*** Begin section ***

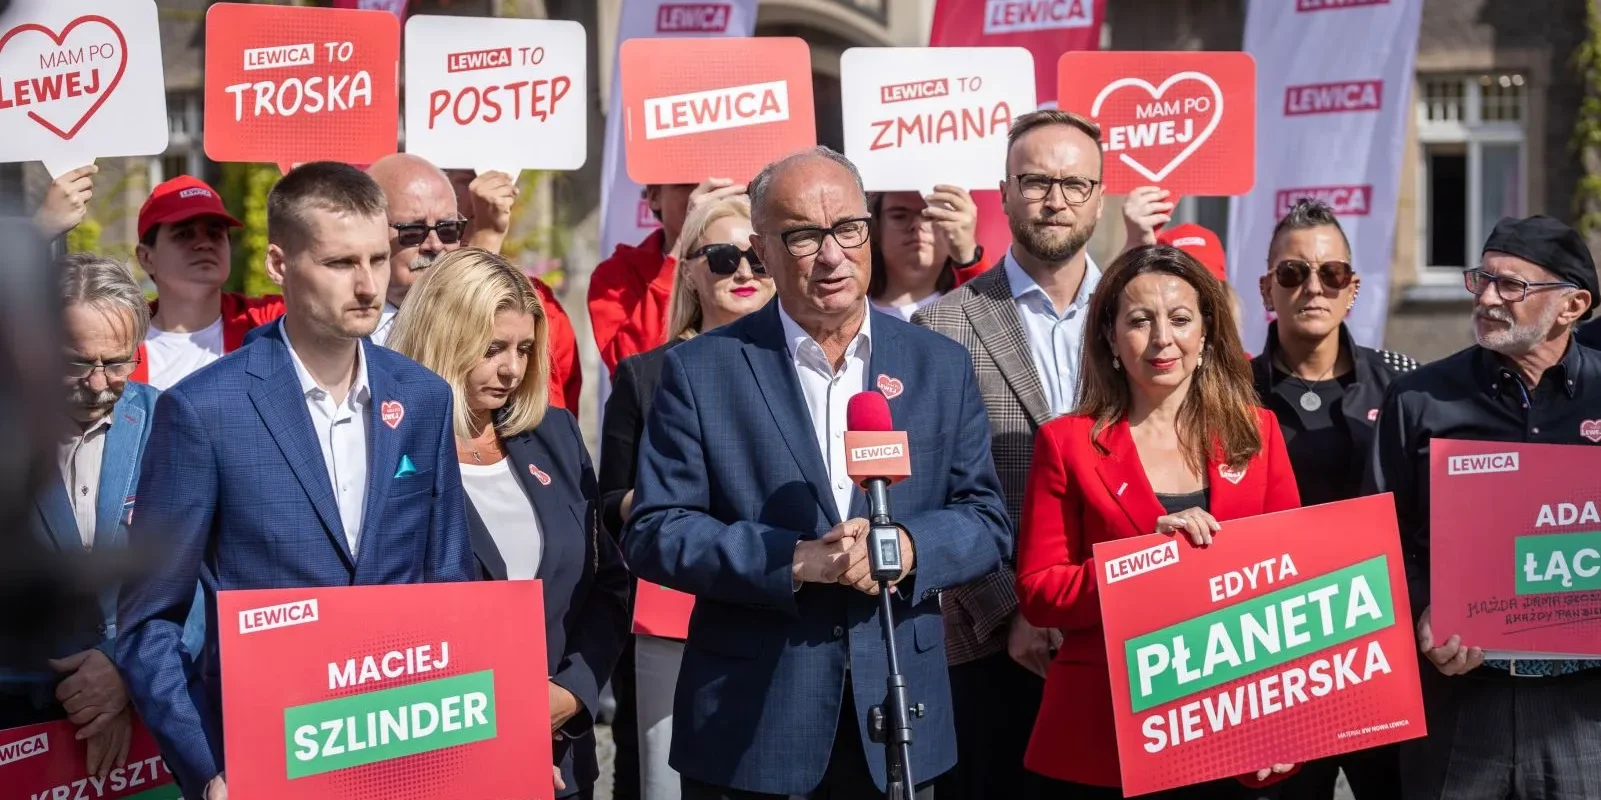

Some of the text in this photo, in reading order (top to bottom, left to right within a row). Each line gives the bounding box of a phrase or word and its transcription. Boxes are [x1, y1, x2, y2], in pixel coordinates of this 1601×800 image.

[991, 0, 1085, 25] LEWICA
[40, 43, 114, 69] MAM PO
[248, 41, 354, 66] LEWICA TO
[450, 47, 544, 70] LEWICA TO
[0, 68, 99, 109] LEWEJ
[224, 70, 372, 121] TROSKA
[428, 76, 571, 129] POSTĘP
[882, 76, 982, 101] LEWICA TO
[1289, 84, 1377, 112] LEWICA
[654, 88, 781, 130] LEWICA
[1136, 96, 1210, 119] MAM PO
[870, 101, 1012, 151] ZMIANA
[1101, 118, 1194, 151] EWEJ
[1580, 428, 1601, 436] LEWE
[855, 446, 900, 459] LEWICA
[1453, 455, 1515, 471] LEWICA
[1536, 501, 1601, 527] ADA
[1109, 545, 1176, 579] LEWICA
[1209, 553, 1299, 603] EDYTA
[244, 603, 315, 629] LEWICA
[1136, 574, 1382, 698] PŁANETA
[327, 641, 450, 690] MACIEJ
[1141, 640, 1392, 754] SIEWIERSKA
[294, 691, 489, 762] SZLINDER
[1372, 723, 1389, 732] NOWA
[1389, 719, 1409, 728] LEWICA

*** End section ***

If an entry contains an image, please omit that image and print everything else verbatim.

§ ANSWER FOR THE TASK:
Some of the text in this photo, in reading order (top to bottom, left to right within a row). Each line gives the bounding box of a phrase or word and its transcription. Boxes are [x1, y1, x2, y2], in pixel coordinates of this 1601×800 image.

[991, 0, 1085, 25] LEWICA
[40, 43, 114, 69] MAM PO
[248, 41, 354, 66] LEWICA TO
[450, 47, 544, 70] LEWICA TO
[0, 68, 99, 109] LEWEJ
[224, 70, 372, 121] TROSKA
[428, 76, 571, 129] POSTĘP
[882, 76, 982, 101] LEWICA TO
[1289, 84, 1377, 112] LEWICA
[654, 88, 781, 130] LEWICA
[1136, 96, 1210, 119] MAM PO
[870, 101, 1012, 151] ZMIANA
[1101, 118, 1194, 151] EWEJ
[1580, 428, 1601, 436] LEWE
[855, 446, 900, 459] LEWICA
[1453, 455, 1515, 471] LEWICA
[1536, 501, 1601, 527] ADA
[1109, 545, 1176, 579] LEWICA
[1209, 553, 1299, 603] EDYTA
[244, 603, 315, 629] LEWICA
[1136, 574, 1382, 698] PŁANETA
[327, 641, 450, 690] MACIEJ
[1141, 640, 1392, 754] SIEWIERSKA
[294, 691, 489, 762] SZLINDER
[1372, 723, 1389, 732] NOWA
[1389, 719, 1409, 728] LEWICA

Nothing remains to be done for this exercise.